# EXERCISE MATERIALS
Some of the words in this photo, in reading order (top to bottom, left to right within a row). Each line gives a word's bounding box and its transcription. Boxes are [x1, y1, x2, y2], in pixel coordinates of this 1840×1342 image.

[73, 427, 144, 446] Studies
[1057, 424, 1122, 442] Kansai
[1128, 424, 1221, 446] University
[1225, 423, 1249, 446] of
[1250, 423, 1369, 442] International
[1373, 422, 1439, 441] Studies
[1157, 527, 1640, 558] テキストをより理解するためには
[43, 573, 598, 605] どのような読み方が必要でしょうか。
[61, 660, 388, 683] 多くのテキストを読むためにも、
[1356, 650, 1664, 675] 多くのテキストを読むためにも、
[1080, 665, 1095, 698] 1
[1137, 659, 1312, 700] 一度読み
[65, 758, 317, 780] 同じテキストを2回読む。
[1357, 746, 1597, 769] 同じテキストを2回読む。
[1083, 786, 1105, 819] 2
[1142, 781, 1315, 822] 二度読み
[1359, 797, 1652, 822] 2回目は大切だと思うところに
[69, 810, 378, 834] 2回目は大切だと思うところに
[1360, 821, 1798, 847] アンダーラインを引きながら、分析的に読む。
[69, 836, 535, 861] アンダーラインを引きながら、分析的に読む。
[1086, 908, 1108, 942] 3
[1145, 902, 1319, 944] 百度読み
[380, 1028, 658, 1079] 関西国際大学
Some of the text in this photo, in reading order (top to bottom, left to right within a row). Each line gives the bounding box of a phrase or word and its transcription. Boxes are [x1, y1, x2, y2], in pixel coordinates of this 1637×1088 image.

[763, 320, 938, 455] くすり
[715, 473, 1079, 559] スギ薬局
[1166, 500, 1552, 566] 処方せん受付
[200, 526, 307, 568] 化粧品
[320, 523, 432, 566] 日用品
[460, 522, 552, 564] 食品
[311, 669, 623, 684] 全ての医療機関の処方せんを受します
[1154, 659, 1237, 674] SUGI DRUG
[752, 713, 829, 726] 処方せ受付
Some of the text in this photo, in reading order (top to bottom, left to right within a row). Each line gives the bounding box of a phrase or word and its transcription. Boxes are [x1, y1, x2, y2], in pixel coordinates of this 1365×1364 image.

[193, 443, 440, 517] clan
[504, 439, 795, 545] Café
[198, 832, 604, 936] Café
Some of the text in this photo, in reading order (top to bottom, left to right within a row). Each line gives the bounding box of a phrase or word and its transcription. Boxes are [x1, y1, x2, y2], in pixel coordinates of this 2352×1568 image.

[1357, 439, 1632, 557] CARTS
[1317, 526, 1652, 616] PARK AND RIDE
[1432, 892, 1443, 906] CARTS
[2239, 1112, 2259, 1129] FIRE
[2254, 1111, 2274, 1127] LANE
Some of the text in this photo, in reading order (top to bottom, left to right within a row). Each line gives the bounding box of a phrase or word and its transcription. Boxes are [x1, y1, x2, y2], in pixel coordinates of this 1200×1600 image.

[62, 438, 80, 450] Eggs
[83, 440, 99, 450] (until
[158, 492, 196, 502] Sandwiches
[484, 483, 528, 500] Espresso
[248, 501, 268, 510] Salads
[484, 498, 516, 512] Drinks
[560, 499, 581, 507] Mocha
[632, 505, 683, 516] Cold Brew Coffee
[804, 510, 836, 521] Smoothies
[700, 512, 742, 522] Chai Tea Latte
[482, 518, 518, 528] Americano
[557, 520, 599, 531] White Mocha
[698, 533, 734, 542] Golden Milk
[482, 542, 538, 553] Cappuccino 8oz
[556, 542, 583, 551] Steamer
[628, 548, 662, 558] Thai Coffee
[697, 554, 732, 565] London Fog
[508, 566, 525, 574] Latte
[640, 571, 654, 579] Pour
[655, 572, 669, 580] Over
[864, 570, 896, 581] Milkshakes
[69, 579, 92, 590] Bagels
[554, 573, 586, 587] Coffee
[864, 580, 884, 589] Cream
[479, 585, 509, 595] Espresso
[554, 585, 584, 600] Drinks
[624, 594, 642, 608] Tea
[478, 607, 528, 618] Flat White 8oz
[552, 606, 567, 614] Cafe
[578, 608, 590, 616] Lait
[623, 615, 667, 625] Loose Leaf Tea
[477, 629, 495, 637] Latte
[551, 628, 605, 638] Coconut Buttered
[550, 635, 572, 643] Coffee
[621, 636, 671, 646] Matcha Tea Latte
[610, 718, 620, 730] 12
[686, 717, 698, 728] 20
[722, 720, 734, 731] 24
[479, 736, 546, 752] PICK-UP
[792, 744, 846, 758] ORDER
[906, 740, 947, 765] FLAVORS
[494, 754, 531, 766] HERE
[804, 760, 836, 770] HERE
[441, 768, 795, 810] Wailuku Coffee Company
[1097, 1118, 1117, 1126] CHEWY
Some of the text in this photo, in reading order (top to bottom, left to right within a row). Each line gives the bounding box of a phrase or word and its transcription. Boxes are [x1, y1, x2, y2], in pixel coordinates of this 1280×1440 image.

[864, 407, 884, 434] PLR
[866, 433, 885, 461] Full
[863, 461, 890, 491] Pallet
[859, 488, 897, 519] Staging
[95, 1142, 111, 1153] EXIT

# DESCRIPTION OF THE TASK
Starting at the top of the listing above, write out every line exactly as it appears.

# YOUR RESPONSE
Some of the words in this photo, in reading order (top to bottom, left to right within a row). Each line gives a word's bounding box and its transcription. Boxes are [x1, y1, x2, y2], in pixel coordinates of this 1840×1342 image.

[73, 427, 144, 446] Studies
[1057, 424, 1122, 442] Kansai
[1128, 424, 1221, 446] University
[1225, 423, 1249, 446] of
[1250, 423, 1369, 442] International
[1373, 422, 1439, 441] Studies
[1157, 527, 1640, 558] テキストをより理解するためには
[43, 573, 598, 605] どのような読み方が必要でしょうか。
[61, 660, 388, 683] 多くのテキストを読むためにも、
[1356, 650, 1664, 675] 多くのテキストを読むためにも、
[1080, 665, 1095, 698] 1
[1137, 659, 1312, 700] 一度読み
[65, 758, 317, 780] 同じテキストを2回読む。
[1357, 746, 1597, 769] 同じテキストを2回読む。
[1083, 786, 1105, 819] 2
[1142, 781, 1315, 822] 二度読み
[1359, 797, 1652, 822] 2回目は大切だと思うところに
[69, 810, 378, 834] 2回目は大切だと思うところに
[1360, 821, 1798, 847] アンダーラインを引きながら、分析的に読む。
[69, 836, 535, 861] アンダーラインを引きながら、分析的に読む。
[1086, 908, 1108, 942] 3
[1145, 902, 1319, 944] 百度読み
[380, 1028, 658, 1079] 関西国際大学
Some of the text in this photo, in reading order (top to bottom, left to right within a row). Each line gives the bounding box of a phrase or word and its transcription. Boxes are [x1, y1, x2, y2], in pixel coordinates of this 1637×1088 image.

[763, 320, 938, 455] くすり
[715, 473, 1079, 559] スギ薬局
[1166, 500, 1552, 566] 処方せん受付
[200, 526, 307, 568] 化粧品
[320, 523, 432, 566] 日用品
[460, 522, 552, 564] 食品
[311, 669, 623, 684] 全ての医療機関の処方せんを受します
[1154, 659, 1237, 674] SUGI DRUG
[752, 713, 829, 726] 処方せ受付
Some of the text in this photo, in reading order (top to bottom, left to right within a row). Each line gives the bounding box of a phrase or word and its transcription. Boxes are [x1, y1, x2, y2], in pixel coordinates of this 1365×1364 image.

[193, 443, 440, 517] clan
[504, 439, 795, 545] Café
[198, 832, 604, 936] Café
Some of the text in this photo, in reading order (top to bottom, left to right within a row). Each line gives the bounding box of a phrase or word and its transcription. Boxes are [x1, y1, x2, y2], in pixel coordinates of this 2352×1568 image.

[1357, 439, 1632, 557] CARTS
[1317, 526, 1652, 616] PARK AND RIDE
[1432, 892, 1443, 906] CARTS
[2239, 1112, 2259, 1129] FIRE
[2254, 1111, 2274, 1127] LANE
Some of the text in this photo, in reading order (top to bottom, left to right within a row). Each line gives the bounding box of a phrase or word and its transcription. Boxes are [x1, y1, x2, y2], in pixel coordinates of this 1200×1600 image.

[62, 438, 80, 450] Eggs
[83, 440, 99, 450] (until
[158, 492, 196, 502] Sandwiches
[484, 483, 528, 500] Espresso
[248, 501, 268, 510] Salads
[484, 498, 516, 512] Drinks
[560, 499, 581, 507] Mocha
[632, 505, 683, 516] Cold Brew Coffee
[804, 510, 836, 521] Smoothies
[700, 512, 742, 522] Chai Tea Latte
[482, 518, 518, 528] Americano
[557, 520, 599, 531] White Mocha
[698, 533, 734, 542] Golden Milk
[482, 542, 538, 553] Cappuccino 8oz
[556, 542, 583, 551] Steamer
[628, 548, 662, 558] Thai Coffee
[697, 554, 732, 565] London Fog
[508, 566, 525, 574] Latte
[640, 571, 654, 579] Pour
[655, 572, 669, 580] Over
[864, 570, 896, 581] Milkshakes
[69, 579, 92, 590] Bagels
[554, 573, 586, 587] Coffee
[864, 580, 884, 589] Cream
[479, 585, 509, 595] Espresso
[554, 585, 584, 600] Drinks
[624, 594, 642, 608] Tea
[478, 607, 528, 618] Flat White 8oz
[552, 606, 567, 614] Cafe
[578, 608, 590, 616] Lait
[623, 615, 667, 625] Loose Leaf Tea
[477, 629, 495, 637] Latte
[551, 628, 605, 638] Coconut Buttered
[550, 635, 572, 643] Coffee
[621, 636, 671, 646] Matcha Tea Latte
[610, 718, 620, 730] 12
[686, 717, 698, 728] 20
[722, 720, 734, 731] 24
[479, 736, 546, 752] PICK-UP
[792, 744, 846, 758] ORDER
[906, 740, 947, 765] FLAVORS
[494, 754, 531, 766] HERE
[804, 760, 836, 770] HERE
[441, 768, 795, 810] Wailuku Coffee Company
[1097, 1118, 1117, 1126] CHEWY
Some of the text in this photo, in reading order (top to bottom, left to right within a row). Each line gives the bounding box of a phrase or word and its transcription. Boxes are [x1, y1, x2, y2], in pixel coordinates of this 1280×1440 image.

[864, 407, 884, 434] PLR
[866, 433, 885, 461] Full
[863, 461, 890, 491] Pallet
[859, 488, 897, 519] Staging
[95, 1142, 111, 1153] EXIT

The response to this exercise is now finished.